Quoting Fredrik Thulin (fredrik@xxxxxxxxxx):
> Serge, thanks a lot for your feedback!
> 
> On Sun, Apr 10, 2011 at 5:55 AM, Serge Hallyn
> <serge.hallyn@xxxxxxxxxxxxx> wrote:
> ...
> > So pam first reads your password, then passes that plus your username
> > back to the key for it to encrypt, right?
> 
> Yes. Well, HMAC-SHA1 hash - not encrypt.
> 
> > The only thing that worries me is that the authentication is not
> > really partly based on 'something you have'.  Because if I can play
> > man in the middle and read your password and the hmac once, I can
> > replay them any time I want.
> 
> That's absolutely true for the current version. I know of two ways to
> improve on this, both with their drawbacks and advantages.
> 
> 1) Every time the user logs in, you take your challenge C1 and
> generate R1 using it. You then generate another challenge C2 and have
> the Yubikey generate R2 using C2. You rewrap your mount passphrase
> using R2, so this is the response that has to be generated the next
> time.

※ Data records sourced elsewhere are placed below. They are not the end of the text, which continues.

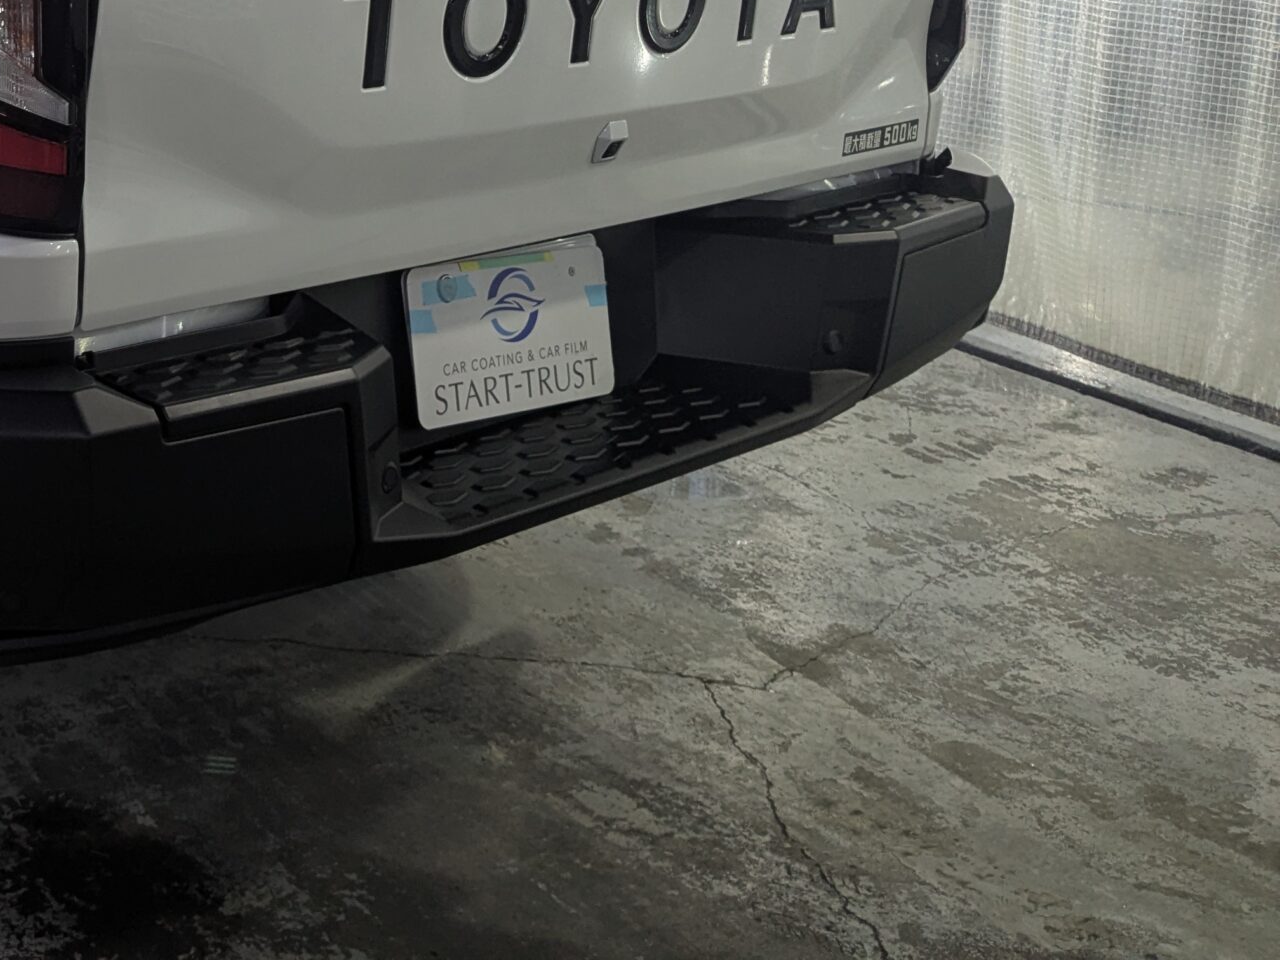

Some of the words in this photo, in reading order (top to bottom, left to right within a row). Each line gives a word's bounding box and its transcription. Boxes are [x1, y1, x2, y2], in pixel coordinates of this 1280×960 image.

[884, 122, 918, 145] 500kg
[443, 361, 467, 376] CAR
[471, 352, 523, 371] COATING
[527, 349, 535, 362] &
[539, 344, 560, 360] CAR
[564, 340, 588, 355] FILM
[434, 357, 599, 416] START-TRUST
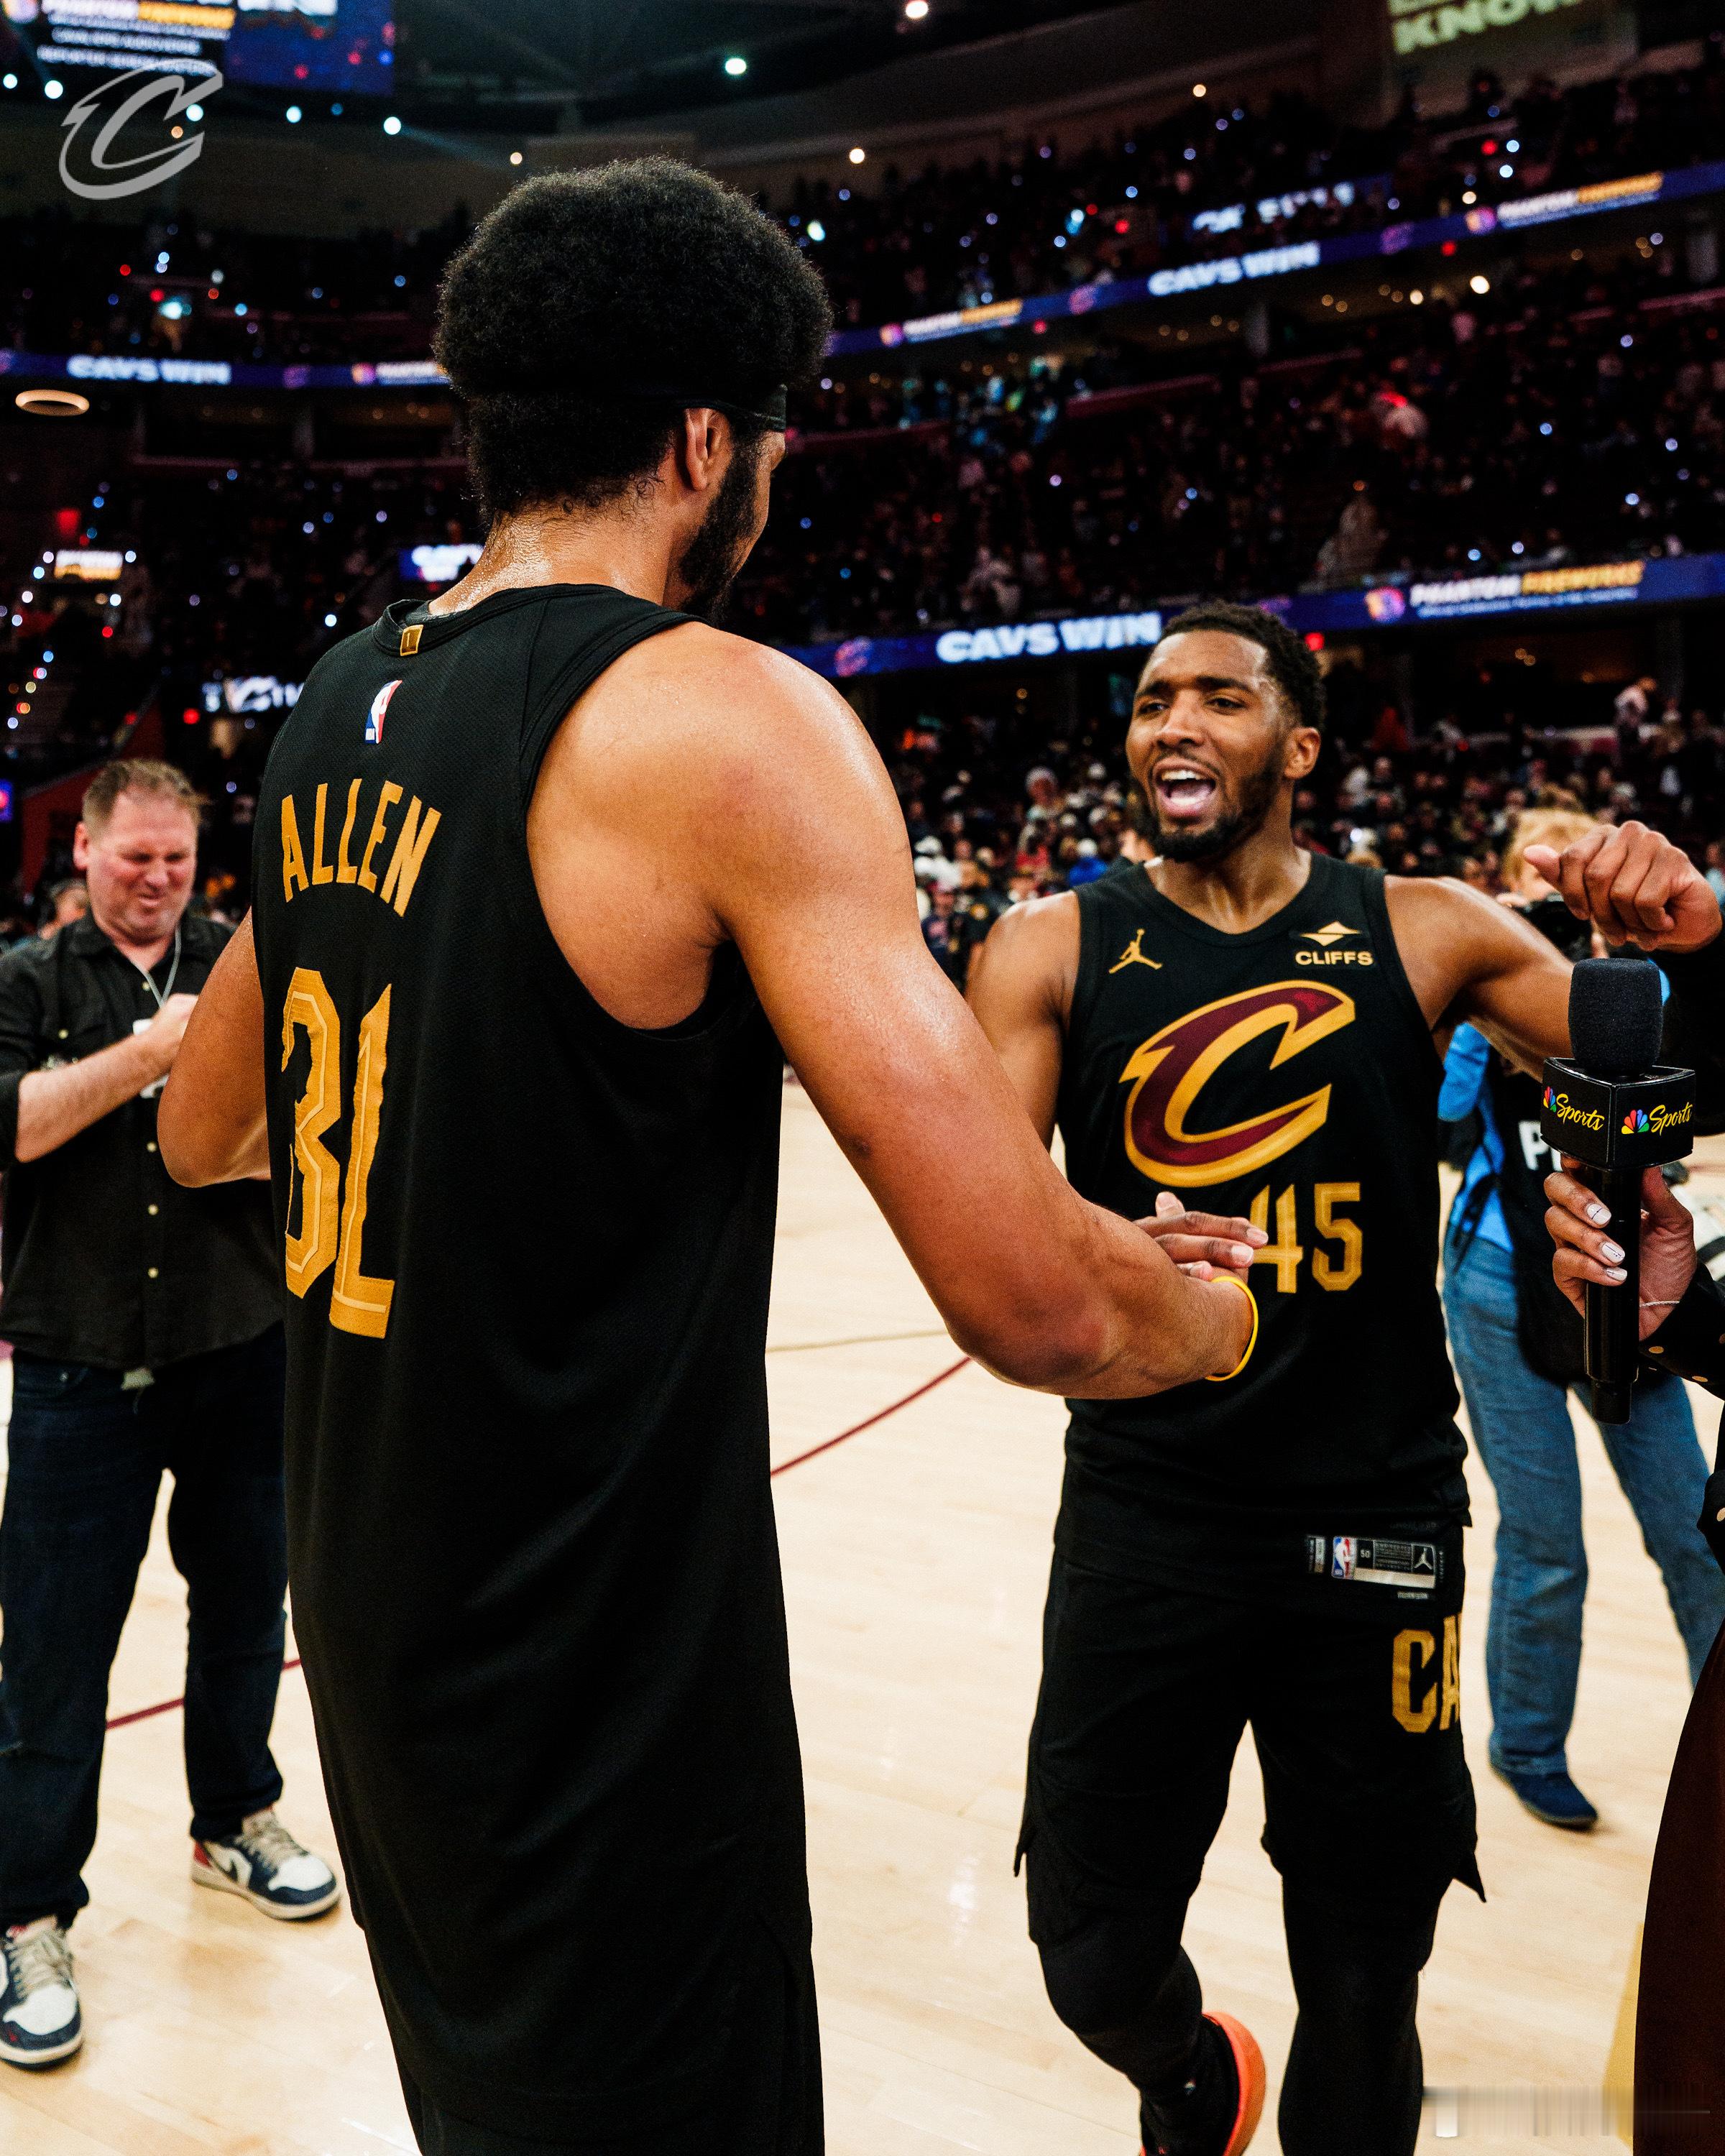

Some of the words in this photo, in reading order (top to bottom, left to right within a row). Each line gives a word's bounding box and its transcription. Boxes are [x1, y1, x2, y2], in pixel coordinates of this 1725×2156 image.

The challenges could be "$username:$password:$nonce", with
> $nonce stored in plain text on the computer.

How does this help?  If I MITM while you are, say, authenticating
with (C15:R15) and you pass (C16:R16) as the next to be used, then
I can simply authenticate with C16:R16 and hand over a dummy
C17:R17.  Yes, I cost you future access to your data, but that
doesn't bother me :)

I know right now you see this as being for local-only use, but
honestly that seems very un-unixy to me, and I think you pretty
much have to, eventually, implement a way to do this remotely :)
Presumably with a patch to ssh which does the challenge-response
and passes data back and forth to the remote PAM module.

> 2) You rig it so that every time the correct response is presented,
> you are able to decrypt a file that contains the HMAC key inside the
> YubiKey (which you know, since you programmed it). You can then
> randomize a new C2 and calculate what R2 would be, and re-encrypt the
> file with the HMAC key using R2.

This daemon is going to get access to your ecryptfs key temporarily
anyway, so I don't think that giving it access to the HMAC key
gives anything away.  Just make sure to reliably clear all memory :)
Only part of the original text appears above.